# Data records
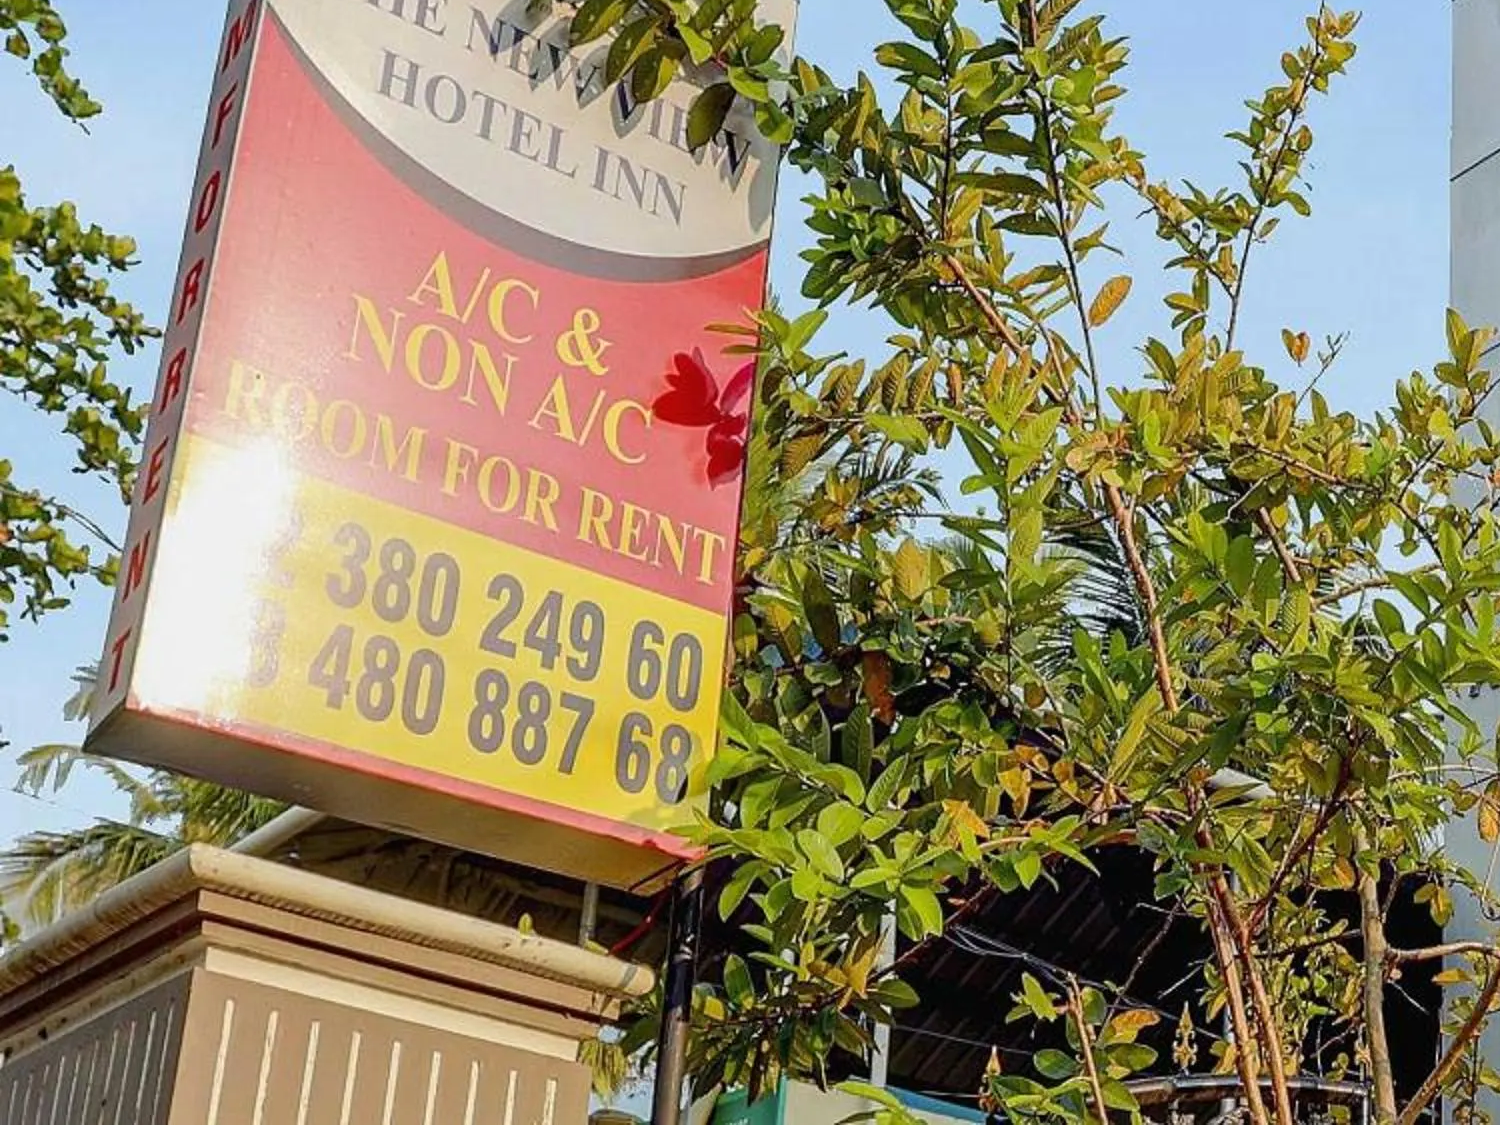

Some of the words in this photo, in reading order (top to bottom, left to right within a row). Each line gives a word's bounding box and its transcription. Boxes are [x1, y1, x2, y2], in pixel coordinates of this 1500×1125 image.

[377, 48, 579, 180] HOTEL
[591, 143, 688, 230] INN
[465, 5, 601, 103] NEW
[342, 292, 520, 418] NON
[527, 371, 654, 465] A/C
[407, 249, 541, 344] A/C
[555, 307, 613, 376] &
[217, 356, 430, 484] ROOM
[440, 437, 561, 534] FOR
[575, 485, 726, 587] RENT
[325, 520, 461, 638] 380
[478, 572, 606, 682] 249
[626, 619, 703, 712] 60
[307, 622, 446, 736] 480
[467, 667, 596, 776] 887
[614, 711, 693, 806] 68
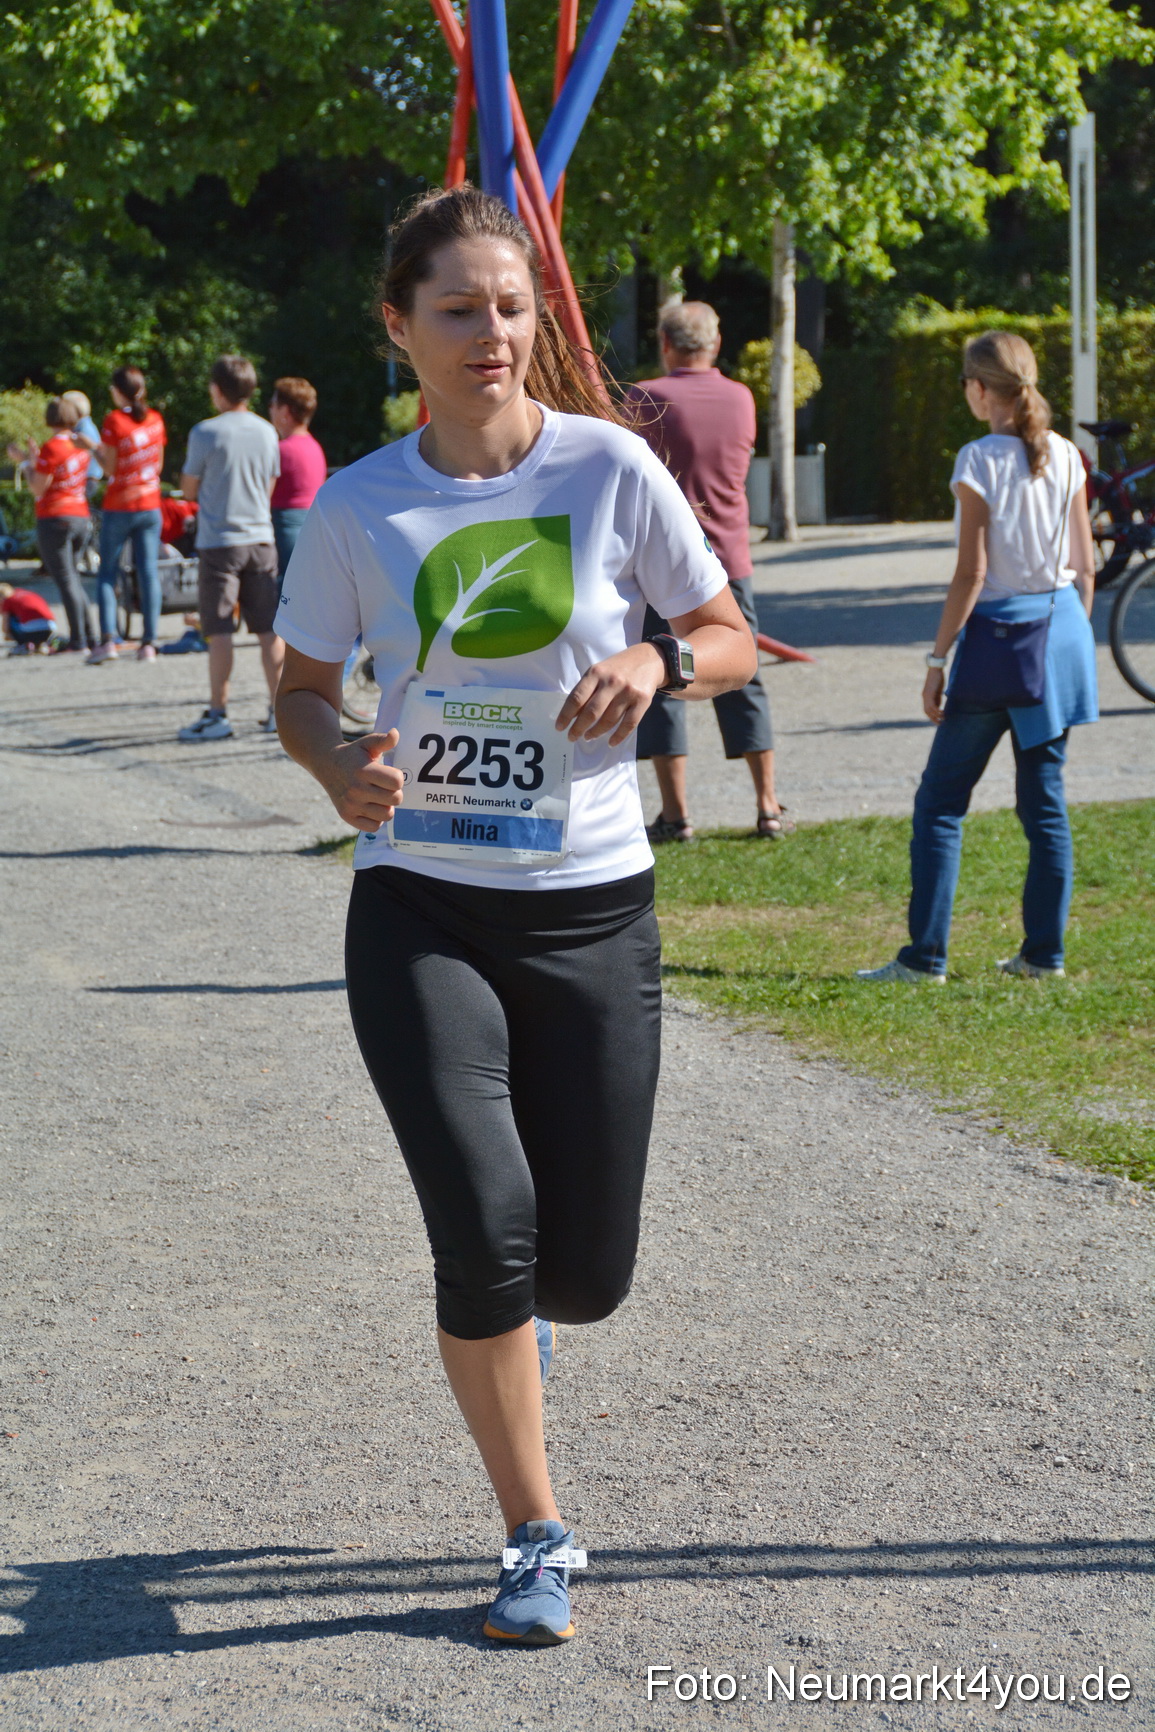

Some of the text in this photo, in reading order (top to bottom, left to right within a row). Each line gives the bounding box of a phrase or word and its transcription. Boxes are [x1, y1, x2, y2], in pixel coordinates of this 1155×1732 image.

[443, 702, 523, 724] BOCK
[443, 720, 466, 728] inspired
[417, 733, 545, 791] 2253
[426, 793, 516, 808] PARTL Neumarkt
[451, 818, 498, 842] Nina
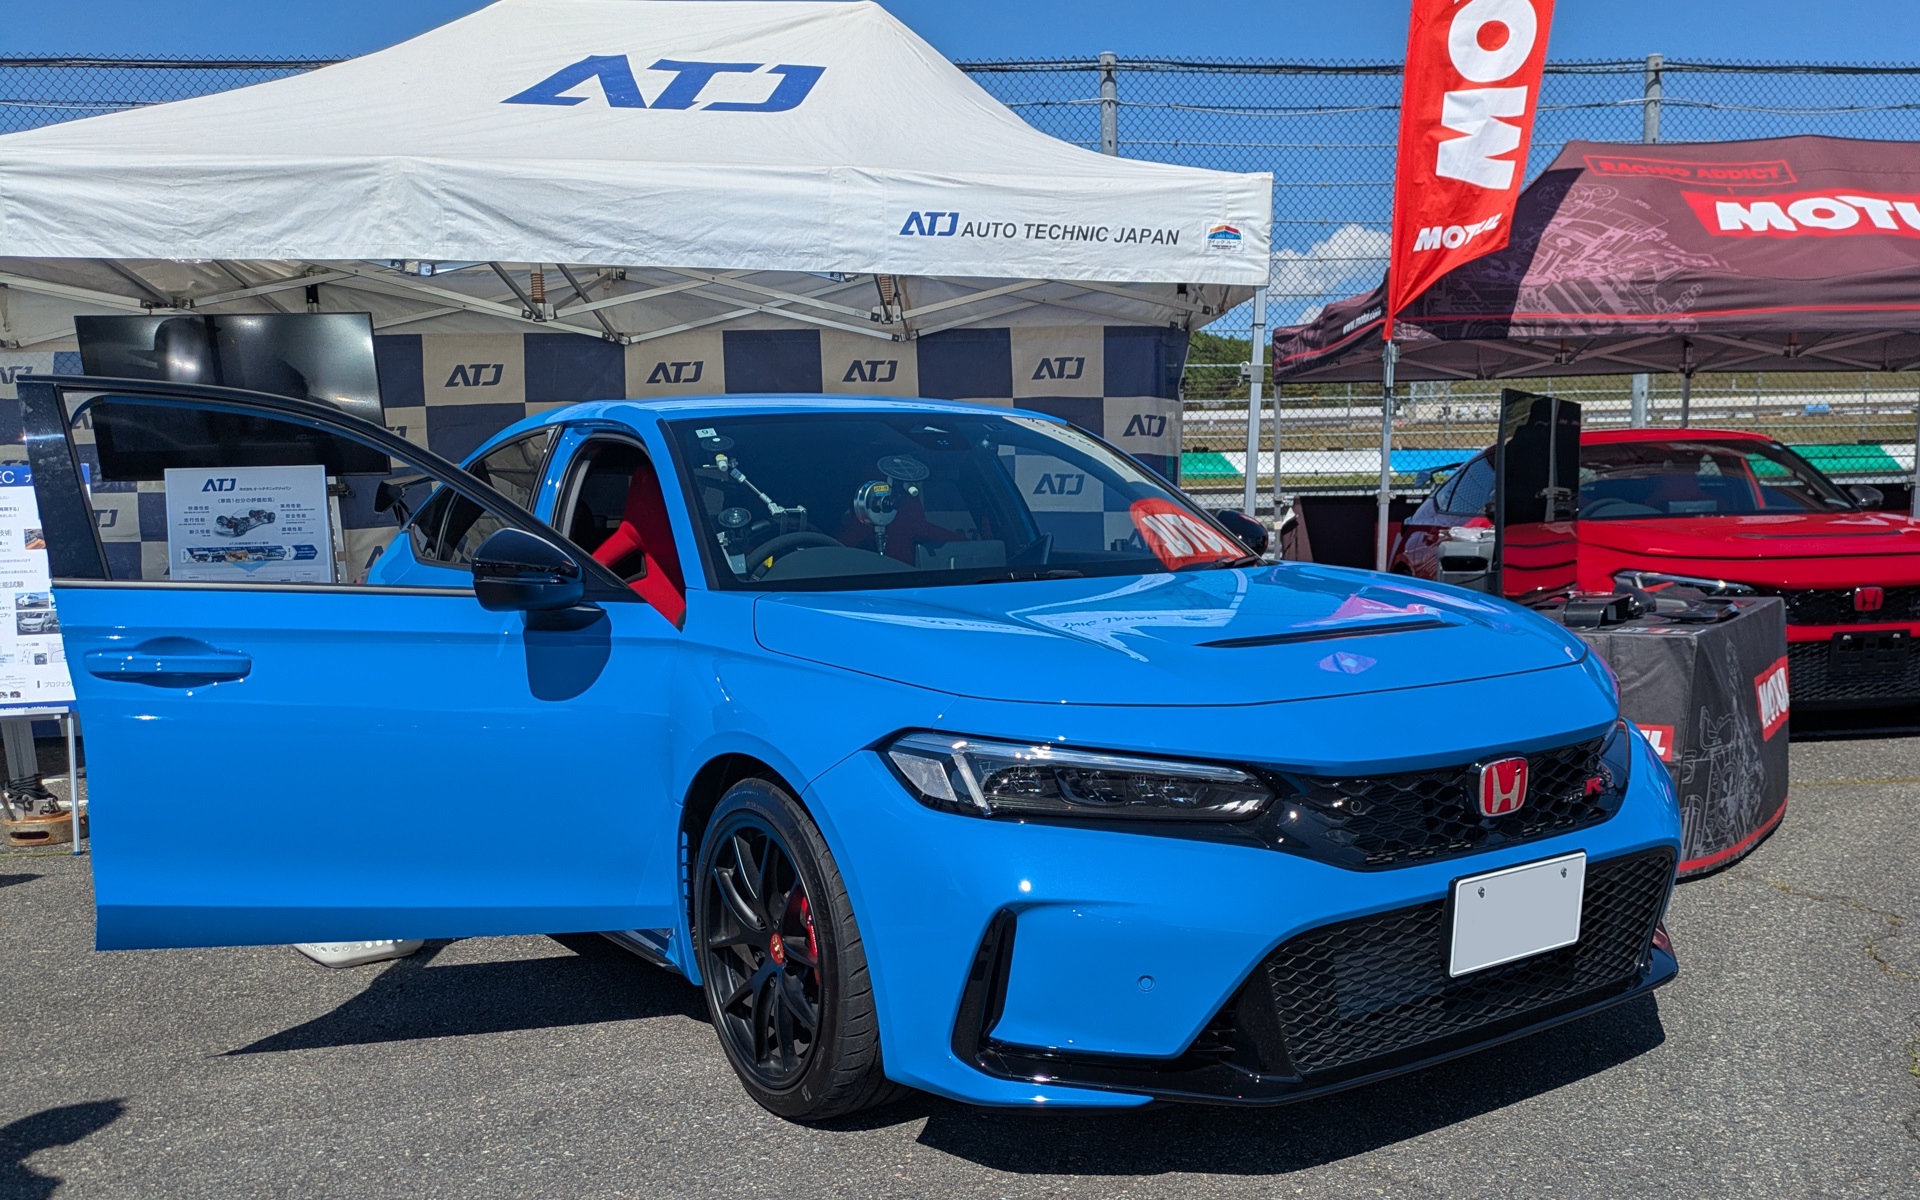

# TASK PROMPT
The data above needs to be retyped exactly, with the images left out.

# REPLY
Some of the words in this photo, in reading order (top to bottom, left to right within a row). Each line gives a word's bounding box and its transcription. Boxes are [x1, y1, x2, y2], in pixel coordinates of this 1500×1125 image.

[377, 48, 579, 180] HOTEL
[591, 143, 688, 230] INN
[465, 5, 601, 103] NEW
[342, 292, 520, 418] NON
[527, 371, 654, 465] A/C
[407, 249, 541, 344] A/C
[555, 307, 613, 376] &
[217, 356, 430, 484] ROOM
[440, 437, 561, 534] FOR
[575, 485, 726, 587] RENT
[325, 520, 461, 638] 380
[478, 572, 606, 682] 249
[626, 619, 703, 712] 60
[307, 622, 446, 736] 480
[467, 667, 596, 776] 887
[614, 711, 693, 806] 68

Some of the text in this photo, in reading order (top to bottom, left to right within a row). Each line gives the bounding box of a phrase or word and its transcription. Boxes are [x1, y1, x2, y2], in pixel coordinates of this 1155×1732 image.

[443, 702, 523, 724] BOCK
[443, 720, 466, 728] inspired
[417, 733, 545, 791] 2253
[426, 793, 516, 808] PARTL Neumarkt
[451, 818, 498, 842] Nina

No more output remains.